• Work to complete
Reproduce all of the data exactly as written.

• Supplied material
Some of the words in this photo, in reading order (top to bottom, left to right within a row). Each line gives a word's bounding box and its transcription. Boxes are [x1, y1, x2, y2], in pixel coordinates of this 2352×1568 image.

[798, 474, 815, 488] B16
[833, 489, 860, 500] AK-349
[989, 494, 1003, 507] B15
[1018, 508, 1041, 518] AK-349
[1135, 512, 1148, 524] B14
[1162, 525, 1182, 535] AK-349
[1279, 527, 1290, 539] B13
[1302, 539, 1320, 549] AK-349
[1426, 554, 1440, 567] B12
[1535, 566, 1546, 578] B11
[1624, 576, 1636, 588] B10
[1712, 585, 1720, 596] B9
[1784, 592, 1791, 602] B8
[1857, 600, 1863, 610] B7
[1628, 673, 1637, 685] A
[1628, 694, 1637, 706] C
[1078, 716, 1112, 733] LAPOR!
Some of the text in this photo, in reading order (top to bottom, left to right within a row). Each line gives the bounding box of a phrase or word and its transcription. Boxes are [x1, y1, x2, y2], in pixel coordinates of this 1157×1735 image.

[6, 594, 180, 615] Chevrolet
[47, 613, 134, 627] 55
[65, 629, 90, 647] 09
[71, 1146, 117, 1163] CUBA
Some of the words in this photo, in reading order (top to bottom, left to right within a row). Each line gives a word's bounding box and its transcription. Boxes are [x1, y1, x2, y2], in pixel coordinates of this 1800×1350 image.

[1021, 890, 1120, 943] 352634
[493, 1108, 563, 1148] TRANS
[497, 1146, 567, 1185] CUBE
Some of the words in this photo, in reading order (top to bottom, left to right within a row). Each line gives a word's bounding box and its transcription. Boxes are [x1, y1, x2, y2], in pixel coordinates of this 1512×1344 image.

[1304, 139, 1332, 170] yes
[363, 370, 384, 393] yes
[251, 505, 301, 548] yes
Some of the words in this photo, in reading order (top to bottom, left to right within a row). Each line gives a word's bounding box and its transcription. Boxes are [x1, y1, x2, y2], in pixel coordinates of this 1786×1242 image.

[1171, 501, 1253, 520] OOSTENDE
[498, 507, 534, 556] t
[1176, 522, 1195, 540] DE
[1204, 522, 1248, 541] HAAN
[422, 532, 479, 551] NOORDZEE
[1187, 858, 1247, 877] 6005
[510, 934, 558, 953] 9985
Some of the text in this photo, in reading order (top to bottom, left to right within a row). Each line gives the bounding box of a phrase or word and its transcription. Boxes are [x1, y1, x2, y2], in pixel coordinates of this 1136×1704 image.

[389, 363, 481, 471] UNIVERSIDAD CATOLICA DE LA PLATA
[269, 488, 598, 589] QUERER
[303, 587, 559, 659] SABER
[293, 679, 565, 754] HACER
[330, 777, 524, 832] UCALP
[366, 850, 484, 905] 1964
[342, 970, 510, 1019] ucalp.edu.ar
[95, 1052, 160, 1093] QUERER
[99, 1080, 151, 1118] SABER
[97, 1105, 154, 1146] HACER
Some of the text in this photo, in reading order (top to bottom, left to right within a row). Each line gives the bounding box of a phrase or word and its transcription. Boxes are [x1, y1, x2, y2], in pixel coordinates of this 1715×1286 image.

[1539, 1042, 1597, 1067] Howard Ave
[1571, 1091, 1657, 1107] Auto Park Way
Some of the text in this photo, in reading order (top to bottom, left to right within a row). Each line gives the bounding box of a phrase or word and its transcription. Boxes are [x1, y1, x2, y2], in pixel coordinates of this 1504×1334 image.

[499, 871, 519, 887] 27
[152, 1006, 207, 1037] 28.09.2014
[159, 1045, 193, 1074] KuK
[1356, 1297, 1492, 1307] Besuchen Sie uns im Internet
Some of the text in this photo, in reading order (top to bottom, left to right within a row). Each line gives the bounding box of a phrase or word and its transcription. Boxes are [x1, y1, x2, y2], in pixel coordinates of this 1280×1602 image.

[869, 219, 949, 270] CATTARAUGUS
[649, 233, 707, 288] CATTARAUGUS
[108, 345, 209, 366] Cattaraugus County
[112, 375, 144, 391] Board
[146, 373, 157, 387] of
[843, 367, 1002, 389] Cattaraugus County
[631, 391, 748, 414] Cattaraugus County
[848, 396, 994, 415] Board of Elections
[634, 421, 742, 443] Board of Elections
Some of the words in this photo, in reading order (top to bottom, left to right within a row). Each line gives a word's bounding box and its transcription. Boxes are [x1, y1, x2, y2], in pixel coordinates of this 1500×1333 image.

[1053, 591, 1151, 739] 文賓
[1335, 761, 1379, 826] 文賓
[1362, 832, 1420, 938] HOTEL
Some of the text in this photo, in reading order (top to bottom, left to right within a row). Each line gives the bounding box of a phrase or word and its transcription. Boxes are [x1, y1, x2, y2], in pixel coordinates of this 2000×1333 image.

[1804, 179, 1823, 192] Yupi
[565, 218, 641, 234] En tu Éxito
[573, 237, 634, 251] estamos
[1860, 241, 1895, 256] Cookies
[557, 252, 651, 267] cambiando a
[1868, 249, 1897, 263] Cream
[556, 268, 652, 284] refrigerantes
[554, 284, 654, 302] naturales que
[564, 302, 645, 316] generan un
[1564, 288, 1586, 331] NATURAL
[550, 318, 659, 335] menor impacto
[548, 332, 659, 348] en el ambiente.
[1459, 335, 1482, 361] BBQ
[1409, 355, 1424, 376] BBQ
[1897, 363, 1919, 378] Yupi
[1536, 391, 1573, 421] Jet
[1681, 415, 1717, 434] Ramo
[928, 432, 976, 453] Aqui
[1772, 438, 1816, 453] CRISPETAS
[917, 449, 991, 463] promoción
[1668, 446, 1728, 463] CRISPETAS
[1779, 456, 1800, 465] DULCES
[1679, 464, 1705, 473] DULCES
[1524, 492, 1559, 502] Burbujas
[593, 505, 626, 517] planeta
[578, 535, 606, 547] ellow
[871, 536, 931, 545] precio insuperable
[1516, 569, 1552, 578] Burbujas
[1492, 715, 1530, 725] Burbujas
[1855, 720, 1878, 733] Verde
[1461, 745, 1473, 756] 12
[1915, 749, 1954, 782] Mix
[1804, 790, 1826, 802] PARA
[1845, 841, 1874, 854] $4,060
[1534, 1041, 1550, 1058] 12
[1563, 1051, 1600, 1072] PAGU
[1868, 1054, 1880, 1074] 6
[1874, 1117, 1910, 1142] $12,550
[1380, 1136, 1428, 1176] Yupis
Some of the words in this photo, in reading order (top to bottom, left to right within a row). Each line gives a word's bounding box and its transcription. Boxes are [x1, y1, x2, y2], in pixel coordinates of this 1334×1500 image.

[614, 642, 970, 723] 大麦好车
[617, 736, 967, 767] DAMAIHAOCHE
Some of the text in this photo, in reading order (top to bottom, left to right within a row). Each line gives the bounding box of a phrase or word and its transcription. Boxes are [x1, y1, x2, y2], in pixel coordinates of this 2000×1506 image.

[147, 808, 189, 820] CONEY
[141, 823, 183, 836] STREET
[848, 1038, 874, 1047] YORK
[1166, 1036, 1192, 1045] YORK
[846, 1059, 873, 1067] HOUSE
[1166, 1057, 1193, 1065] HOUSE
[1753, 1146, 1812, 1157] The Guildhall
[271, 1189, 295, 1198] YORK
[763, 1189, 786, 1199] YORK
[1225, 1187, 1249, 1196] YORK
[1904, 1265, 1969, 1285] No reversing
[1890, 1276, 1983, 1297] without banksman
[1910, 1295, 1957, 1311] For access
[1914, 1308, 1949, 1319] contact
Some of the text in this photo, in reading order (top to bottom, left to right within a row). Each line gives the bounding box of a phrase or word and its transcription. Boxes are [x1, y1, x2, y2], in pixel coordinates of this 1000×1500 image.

• Written answer
Some of the words in this photo, in reading order (top to bottom, left to right within a row). Each line gives a word's bounding box and its transcription. Boxes are [x1, y1, x2, y2], in pixel coordinates of this 2352×1568 image.

[798, 474, 815, 488] B16
[833, 489, 860, 500] AK-349
[989, 494, 1003, 507] B15
[1018, 508, 1041, 518] AK-349
[1135, 512, 1148, 524] B14
[1162, 525, 1182, 535] AK-349
[1279, 527, 1290, 539] B13
[1302, 539, 1320, 549] AK-349
[1426, 554, 1440, 567] B12
[1535, 566, 1546, 578] B11
[1624, 576, 1636, 588] B10
[1712, 585, 1720, 596] B9
[1784, 592, 1791, 602] B8
[1857, 600, 1863, 610] B7
[1628, 673, 1637, 685] A
[1628, 694, 1637, 706] C
[1078, 716, 1112, 733] LAPOR!
Some of the text in this photo, in reading order (top to bottom, left to right within a row). Each line gives the bounding box of a phrase or word and its transcription. Boxes are [x1, y1, x2, y2], in pixel coordinates of this 1157×1735 image.

[6, 594, 180, 615] Chevrolet
[47, 613, 134, 627] 55
[65, 629, 90, 647] 09
[71, 1146, 117, 1163] CUBA
Some of the words in this photo, in reading order (top to bottom, left to right within a row). Each line gives a word's bounding box and its transcription. Boxes are [x1, y1, x2, y2], in pixel coordinates of this 1800×1350 image.

[1021, 890, 1120, 943] 352634
[493, 1108, 563, 1148] TRANS
[497, 1146, 567, 1185] CUBE
Some of the words in this photo, in reading order (top to bottom, left to right within a row). Each line gives a word's bounding box and its transcription. Boxes are [x1, y1, x2, y2], in pixel coordinates of this 1512×1344 image.

[1304, 139, 1332, 170] yes
[363, 370, 384, 393] yes
[251, 505, 301, 548] yes
Some of the words in this photo, in reading order (top to bottom, left to right within a row). Each line gives a word's bounding box and its transcription. Boxes are [x1, y1, x2, y2], in pixel coordinates of this 1786×1242 image.

[1171, 501, 1253, 520] OOSTENDE
[498, 507, 534, 556] t
[1176, 522, 1195, 540] DE
[1204, 522, 1248, 541] HAAN
[422, 532, 479, 551] NOORDZEE
[1187, 858, 1247, 877] 6005
[510, 934, 558, 953] 9985
Some of the text in this photo, in reading order (top to bottom, left to right within a row). Each line gives the bounding box of a phrase or word and its transcription. Boxes are [x1, y1, x2, y2], in pixel coordinates of this 1136×1704 image.

[389, 363, 481, 471] UNIVERSIDAD CATOLICA DE LA PLATA
[269, 488, 598, 589] QUERER
[303, 587, 559, 659] SABER
[293, 679, 565, 754] HACER
[330, 777, 524, 832] UCALP
[366, 850, 484, 905] 1964
[342, 970, 510, 1019] ucalp.edu.ar
[95, 1052, 160, 1093] QUERER
[99, 1080, 151, 1118] SABER
[97, 1105, 154, 1146] HACER
Some of the text in this photo, in reading order (top to bottom, left to right within a row). Each line gives the bounding box of a phrase or word and its transcription. Boxes are [x1, y1, x2, y2], in pixel coordinates of this 1715×1286 image.

[1539, 1042, 1597, 1067] Howard Ave
[1571, 1091, 1657, 1107] Auto Park Way
Some of the text in this photo, in reading order (top to bottom, left to right within a row). Each line gives the bounding box of a phrase or word and its transcription. Boxes are [x1, y1, x2, y2], in pixel coordinates of this 1504×1334 image.

[499, 871, 519, 887] 27
[152, 1006, 207, 1037] 28.09.2014
[159, 1045, 193, 1074] KuK
[1356, 1297, 1492, 1307] Besuchen Sie uns im Internet
Some of the text in this photo, in reading order (top to bottom, left to right within a row). Each line gives the bounding box of a phrase or word and its transcription. Boxes are [x1, y1, x2, y2], in pixel coordinates of this 1280×1602 image.

[869, 219, 949, 270] CATTARAUGUS
[649, 233, 707, 288] CATTARAUGUS
[108, 345, 209, 366] Cattaraugus County
[112, 375, 144, 391] Board
[146, 373, 157, 387] of
[843, 367, 1002, 389] Cattaraugus County
[631, 391, 748, 414] Cattaraugus County
[848, 396, 994, 415] Board of Elections
[634, 421, 742, 443] Board of Elections
Some of the words in this photo, in reading order (top to bottom, left to right within a row). Each line gives a word's bounding box and its transcription. Boxes are [x1, y1, x2, y2], in pixel coordinates of this 1500×1333 image.

[1053, 591, 1151, 739] 文賓
[1335, 761, 1379, 826] 文賓
[1362, 832, 1420, 938] HOTEL
Some of the text in this photo, in reading order (top to bottom, left to right within a row). Each line gives the bounding box of a phrase or word and its transcription. Boxes are [x1, y1, x2, y2], in pixel coordinates of this 2000×1333 image.

[1804, 179, 1823, 192] Yupi
[565, 218, 641, 234] En tu Éxito
[573, 237, 634, 251] estamos
[1860, 241, 1895, 256] Cookies
[557, 252, 651, 267] cambiando a
[1868, 249, 1897, 263] Cream
[556, 268, 652, 284] refrigerantes
[554, 284, 654, 302] naturales que
[564, 302, 645, 316] generan un
[1564, 288, 1586, 331] NATURAL
[550, 318, 659, 335] menor impacto
[548, 332, 659, 348] en el ambiente.
[1459, 335, 1482, 361] BBQ
[1409, 355, 1424, 376] BBQ
[1897, 363, 1919, 378] Yupi
[1536, 391, 1573, 421] Jet
[1681, 415, 1717, 434] Ramo
[928, 432, 976, 453] Aqui
[1772, 438, 1816, 453] CRISPETAS
[917, 449, 991, 463] promoción
[1668, 446, 1728, 463] CRISPETAS
[1779, 456, 1800, 465] DULCES
[1679, 464, 1705, 473] DULCES
[1524, 492, 1559, 502] Burbujas
[593, 505, 626, 517] planeta
[578, 535, 606, 547] ellow
[871, 536, 931, 545] precio insuperable
[1516, 569, 1552, 578] Burbujas
[1492, 715, 1530, 725] Burbujas
[1855, 720, 1878, 733] Verde
[1461, 745, 1473, 756] 12
[1915, 749, 1954, 782] Mix
[1804, 790, 1826, 802] PARA
[1845, 841, 1874, 854] $4,060
[1534, 1041, 1550, 1058] 12
[1563, 1051, 1600, 1072] PAGU
[1868, 1054, 1880, 1074] 6
[1874, 1117, 1910, 1142] $12,550
[1380, 1136, 1428, 1176] Yupis
Some of the words in this photo, in reading order (top to bottom, left to right within a row). Each line gives a word's bounding box and its transcription. Boxes are [x1, y1, x2, y2], in pixel coordinates of this 1334×1500 image.

[614, 642, 970, 723] 大麦好车
[617, 736, 967, 767] DAMAIHAOCHE
Some of the text in this photo, in reading order (top to bottom, left to right within a row). Each line gives the bounding box of a phrase or word and its transcription. Boxes are [x1, y1, x2, y2], in pixel coordinates of this 2000×1506 image.

[147, 808, 189, 820] CONEY
[141, 823, 183, 836] STREET
[848, 1038, 874, 1047] YORK
[1166, 1036, 1192, 1045] YORK
[846, 1059, 873, 1067] HOUSE
[1166, 1057, 1193, 1065] HOUSE
[1753, 1146, 1812, 1157] The Guildhall
[271, 1189, 295, 1198] YORK
[763, 1189, 786, 1199] YORK
[1225, 1187, 1249, 1196] YORK
[1904, 1265, 1969, 1285] No reversing
[1890, 1276, 1983, 1297] without banksman
[1910, 1295, 1957, 1311] For access
[1914, 1308, 1949, 1319] contact
Some of the text in this photo, in reading order (top to bottom, left to right within a row). Each line gives the bounding box of a phrase or word and its transcription. Boxes are [x1, y1, x2, y2], in pixel coordinates of this 1000×1500 image.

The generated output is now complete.